By JOHN FENTON WHEELER
Published Friday, September 29, 2006
A giant poster of Ernesto "Che" Guevara's face covering the front of
Sears, one of Havana's many empty stores, had begun to fade. Everything
in Cuba but salt was rationed. Life was hard for everybody. Yet by my
imperfect count, hijackers still brought an average of three planes a
month to Jose Marti International Airport.
A lot of those people who hijacked planes to Cuba were misinformed or
uninformed about their destination. At least that was my assessment,
backed up one day by a Black Panther who walked into my office in Havana
and asked for help, something I felt sure he never would have done in
the United States. He had to be upset to do so, and he was.
First, he gave me a name, not his Black Panther name, and said he was a
Panther party member and that he had hijacked a plane to Cuba a few
weeks earlier. I asked him to wait a minute and started my tape
recorder. I recalled, without saying so to him, a skyjacking that would
fit that time frame and the description of the hijacker by the plane's
crew after they and the hijacked passengers had safely returned to the
United States. His description had come on the AP news wire, dateline Miami.
My visitor knew what he said was being recorded. He looked directly at
the tape recorder and began. He was concerned because he had lost
contact with other Black Panthers who had come to Cuba. He said he
feared they might have been imprisoned, or, as he put it, been made to
disappear. I told him it was more likely they had been sent to work in
agriculture, perhaps to cut sugar cane. He acknowledged that possibility
but said there were other problems. The government, he said, would not
allow "brothers" to make public statements. Officials also had suggested
they get rid of their afro hairstyles. And food, he said, was as meager
as his social life. In short, he had not received the welcome he
expected. He said he hoped that by speaking out to the U.S. press in
Cuba that his unsatisfactory situation could be made known to Black
Panthers back home. I was the only American reporter in Cuba he knew about.
I did not tell him that non-hijacking Black Panthers who had been
invited to Cuba and who arrived via Third World countries had been
welcomed by the government and allowed to speak freely to Cuban
reporters.

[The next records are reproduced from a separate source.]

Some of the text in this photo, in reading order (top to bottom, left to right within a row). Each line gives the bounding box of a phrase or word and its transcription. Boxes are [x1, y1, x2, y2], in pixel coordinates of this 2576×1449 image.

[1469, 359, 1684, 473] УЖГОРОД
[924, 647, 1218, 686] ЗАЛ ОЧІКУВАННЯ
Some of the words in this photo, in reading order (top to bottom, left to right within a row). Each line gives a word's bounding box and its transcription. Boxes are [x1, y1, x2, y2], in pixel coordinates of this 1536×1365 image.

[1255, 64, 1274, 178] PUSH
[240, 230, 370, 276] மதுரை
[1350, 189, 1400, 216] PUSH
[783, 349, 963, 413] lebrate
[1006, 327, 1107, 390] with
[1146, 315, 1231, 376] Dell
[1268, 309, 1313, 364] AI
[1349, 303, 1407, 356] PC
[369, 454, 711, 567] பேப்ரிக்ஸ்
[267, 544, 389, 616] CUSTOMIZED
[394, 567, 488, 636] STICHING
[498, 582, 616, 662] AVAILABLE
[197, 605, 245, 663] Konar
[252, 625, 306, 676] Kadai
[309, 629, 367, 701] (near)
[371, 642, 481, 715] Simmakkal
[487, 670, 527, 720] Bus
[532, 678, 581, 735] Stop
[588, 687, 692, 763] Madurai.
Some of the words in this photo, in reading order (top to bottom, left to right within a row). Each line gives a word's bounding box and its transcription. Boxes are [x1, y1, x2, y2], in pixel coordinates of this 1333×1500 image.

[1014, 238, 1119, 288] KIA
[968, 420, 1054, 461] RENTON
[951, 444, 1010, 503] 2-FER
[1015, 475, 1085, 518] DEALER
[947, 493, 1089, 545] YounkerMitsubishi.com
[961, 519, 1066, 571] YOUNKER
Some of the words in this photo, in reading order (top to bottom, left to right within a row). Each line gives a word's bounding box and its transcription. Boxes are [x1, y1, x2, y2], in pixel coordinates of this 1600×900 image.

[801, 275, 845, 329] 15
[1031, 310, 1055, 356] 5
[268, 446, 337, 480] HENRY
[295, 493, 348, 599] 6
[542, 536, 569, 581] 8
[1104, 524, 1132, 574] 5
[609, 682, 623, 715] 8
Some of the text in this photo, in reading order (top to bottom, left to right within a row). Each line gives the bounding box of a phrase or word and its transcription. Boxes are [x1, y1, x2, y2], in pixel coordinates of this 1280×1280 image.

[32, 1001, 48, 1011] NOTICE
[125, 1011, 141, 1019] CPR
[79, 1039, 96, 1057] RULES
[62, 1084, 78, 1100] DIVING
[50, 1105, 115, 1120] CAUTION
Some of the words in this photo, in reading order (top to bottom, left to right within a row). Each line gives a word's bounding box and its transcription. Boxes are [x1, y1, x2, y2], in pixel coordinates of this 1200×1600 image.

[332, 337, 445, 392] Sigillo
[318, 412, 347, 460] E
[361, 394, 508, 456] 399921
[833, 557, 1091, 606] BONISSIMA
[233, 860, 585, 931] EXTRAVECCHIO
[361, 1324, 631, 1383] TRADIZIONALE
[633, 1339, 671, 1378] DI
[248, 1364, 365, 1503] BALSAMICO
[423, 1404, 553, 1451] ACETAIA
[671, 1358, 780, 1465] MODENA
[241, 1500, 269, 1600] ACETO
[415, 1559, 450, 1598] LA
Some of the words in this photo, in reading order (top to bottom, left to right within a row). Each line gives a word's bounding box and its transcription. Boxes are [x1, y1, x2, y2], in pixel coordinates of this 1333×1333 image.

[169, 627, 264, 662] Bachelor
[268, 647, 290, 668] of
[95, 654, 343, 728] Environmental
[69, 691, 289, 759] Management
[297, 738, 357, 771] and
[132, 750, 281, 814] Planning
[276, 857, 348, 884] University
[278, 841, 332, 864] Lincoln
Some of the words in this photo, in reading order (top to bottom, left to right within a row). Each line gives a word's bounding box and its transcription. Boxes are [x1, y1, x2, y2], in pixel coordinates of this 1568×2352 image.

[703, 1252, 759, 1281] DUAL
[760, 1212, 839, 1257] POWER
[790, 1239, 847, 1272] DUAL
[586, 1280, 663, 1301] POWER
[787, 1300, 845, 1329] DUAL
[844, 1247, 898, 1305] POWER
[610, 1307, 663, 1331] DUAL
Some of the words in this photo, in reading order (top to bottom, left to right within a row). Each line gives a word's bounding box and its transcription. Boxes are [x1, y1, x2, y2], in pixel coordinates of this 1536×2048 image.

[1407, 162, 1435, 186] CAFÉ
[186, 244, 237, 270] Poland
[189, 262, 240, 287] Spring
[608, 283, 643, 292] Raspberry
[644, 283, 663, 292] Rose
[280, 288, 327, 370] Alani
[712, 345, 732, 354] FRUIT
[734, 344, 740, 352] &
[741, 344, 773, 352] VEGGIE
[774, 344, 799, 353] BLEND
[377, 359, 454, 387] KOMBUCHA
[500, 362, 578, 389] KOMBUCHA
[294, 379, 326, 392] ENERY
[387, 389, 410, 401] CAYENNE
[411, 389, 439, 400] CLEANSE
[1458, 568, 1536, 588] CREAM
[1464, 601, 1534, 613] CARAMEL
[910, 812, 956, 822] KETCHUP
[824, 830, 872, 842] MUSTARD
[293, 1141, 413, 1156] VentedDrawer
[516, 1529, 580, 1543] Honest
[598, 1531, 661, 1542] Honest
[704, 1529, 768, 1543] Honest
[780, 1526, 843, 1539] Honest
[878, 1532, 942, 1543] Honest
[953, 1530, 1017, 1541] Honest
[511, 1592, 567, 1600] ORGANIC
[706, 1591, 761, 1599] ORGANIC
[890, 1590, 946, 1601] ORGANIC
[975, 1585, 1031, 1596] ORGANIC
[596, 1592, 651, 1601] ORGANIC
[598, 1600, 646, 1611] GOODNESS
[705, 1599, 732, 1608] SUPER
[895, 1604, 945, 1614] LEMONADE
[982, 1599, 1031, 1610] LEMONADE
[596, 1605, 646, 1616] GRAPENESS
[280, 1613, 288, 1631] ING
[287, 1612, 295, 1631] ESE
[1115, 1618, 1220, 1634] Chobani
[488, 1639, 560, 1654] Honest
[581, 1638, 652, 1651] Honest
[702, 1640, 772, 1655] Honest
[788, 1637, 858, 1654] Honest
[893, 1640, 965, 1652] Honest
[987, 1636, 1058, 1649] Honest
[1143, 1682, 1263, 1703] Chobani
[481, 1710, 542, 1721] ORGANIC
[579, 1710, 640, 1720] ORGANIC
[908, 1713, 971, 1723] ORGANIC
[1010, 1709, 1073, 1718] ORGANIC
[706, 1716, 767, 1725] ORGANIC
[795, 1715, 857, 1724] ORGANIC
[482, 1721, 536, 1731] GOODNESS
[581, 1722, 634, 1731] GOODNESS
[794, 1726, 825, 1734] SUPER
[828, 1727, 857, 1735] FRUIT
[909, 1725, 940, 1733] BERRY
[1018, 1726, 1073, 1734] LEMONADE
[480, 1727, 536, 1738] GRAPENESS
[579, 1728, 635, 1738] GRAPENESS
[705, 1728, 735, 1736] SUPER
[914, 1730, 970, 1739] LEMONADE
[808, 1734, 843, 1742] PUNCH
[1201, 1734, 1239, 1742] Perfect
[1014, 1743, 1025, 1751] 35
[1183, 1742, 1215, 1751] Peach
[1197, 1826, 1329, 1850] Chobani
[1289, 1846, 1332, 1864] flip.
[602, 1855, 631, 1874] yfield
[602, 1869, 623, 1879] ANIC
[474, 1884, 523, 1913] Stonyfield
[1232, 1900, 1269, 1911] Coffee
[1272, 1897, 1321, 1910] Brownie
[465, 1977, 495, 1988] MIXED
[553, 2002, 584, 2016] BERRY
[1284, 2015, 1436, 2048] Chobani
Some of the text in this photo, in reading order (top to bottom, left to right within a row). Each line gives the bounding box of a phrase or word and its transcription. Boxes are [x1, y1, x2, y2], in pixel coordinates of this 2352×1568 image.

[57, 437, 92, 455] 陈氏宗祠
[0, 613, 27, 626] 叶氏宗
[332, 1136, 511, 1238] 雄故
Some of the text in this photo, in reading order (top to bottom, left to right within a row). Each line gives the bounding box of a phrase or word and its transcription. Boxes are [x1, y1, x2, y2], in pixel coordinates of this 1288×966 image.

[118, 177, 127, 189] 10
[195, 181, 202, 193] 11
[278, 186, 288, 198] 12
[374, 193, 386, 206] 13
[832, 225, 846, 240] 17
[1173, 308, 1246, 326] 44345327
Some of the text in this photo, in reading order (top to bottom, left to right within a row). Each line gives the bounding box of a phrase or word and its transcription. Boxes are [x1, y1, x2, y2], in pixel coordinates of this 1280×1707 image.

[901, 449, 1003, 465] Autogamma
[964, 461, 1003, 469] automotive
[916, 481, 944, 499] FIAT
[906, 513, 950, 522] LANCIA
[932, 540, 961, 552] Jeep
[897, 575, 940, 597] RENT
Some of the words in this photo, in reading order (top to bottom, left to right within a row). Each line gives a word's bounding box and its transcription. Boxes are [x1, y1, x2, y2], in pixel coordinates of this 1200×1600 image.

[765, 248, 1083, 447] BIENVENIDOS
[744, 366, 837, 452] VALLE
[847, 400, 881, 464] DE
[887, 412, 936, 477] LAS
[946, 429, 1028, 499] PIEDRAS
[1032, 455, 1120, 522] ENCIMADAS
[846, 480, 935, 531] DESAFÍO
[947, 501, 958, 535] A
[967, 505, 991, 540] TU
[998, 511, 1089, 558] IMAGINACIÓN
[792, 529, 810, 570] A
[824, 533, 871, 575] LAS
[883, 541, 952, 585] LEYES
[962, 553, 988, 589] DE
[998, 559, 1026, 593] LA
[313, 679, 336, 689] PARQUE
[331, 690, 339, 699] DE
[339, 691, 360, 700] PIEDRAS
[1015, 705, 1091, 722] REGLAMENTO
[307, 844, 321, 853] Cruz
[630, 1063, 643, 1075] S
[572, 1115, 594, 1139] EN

In fact, two of them, George Mason Murray, identified by the
Cuban Communist Party newspaper Granma as education minister of the
Black Panther Party, and Joudon Ford, New York leader of the Panthers,
had held a news conference in Havana. They were guests of the OSPAAAL,
the Organization of Solidarity of the Peoples of Africa, Asia and Latin
America, a Castro-organized entity that did not live up to its
intentions. Granma quoted Murray as saying the Panthers had "vowed not
to put down our guns or stop making Molotov cocktails until colonized
Africans, Asians and Latin Americans in the United States and throughout
the world have become free." This seemed much stronger stuff than the
hijacker sitting in my office had in mind when he said his efforts to
speak out had been ignored.
I advised him the Cuban government probably expected him to integrate
into Cuban life, work in agriculture or wherever needed and not
complain. I also told him I would do a story on his concerns, wished him
luck and bade him goodbye.
Within minutes, I discovered I hadn't run the recorder properly and
hadn't captured a word. I went to the small hotel where he told me he
was housed, left him a note and waited. He called the next day and
agreed to repeat the interview but suggested we meet somewhere other
than the AP office. Perhaps he was catching on that I was somewhat
persona non grata. We met at a downtown park bench where he repeated his
story, and I taped it with the recorder in plain view. Two men who were
from their appearance and clothing, especially the heavy shoes, either
from the Soviet Union or one of the East Bloc countries, watched from
about 30 yards away. They followed the hijacker, not me, as he left the
park. They apparently knew where I would be going.
His story got out via Western Union without much delay, and the next day
I got a call from a California radio station asking whether the Black
Panthers were planning to revolt against Fidel Castro. It was a silly
question, but I answered no, not a chance. The station offered to pay me
for talking about it, but I said no thanks and later regretted it. It
might have been interesting to see them try to get a dollar check into Cuba.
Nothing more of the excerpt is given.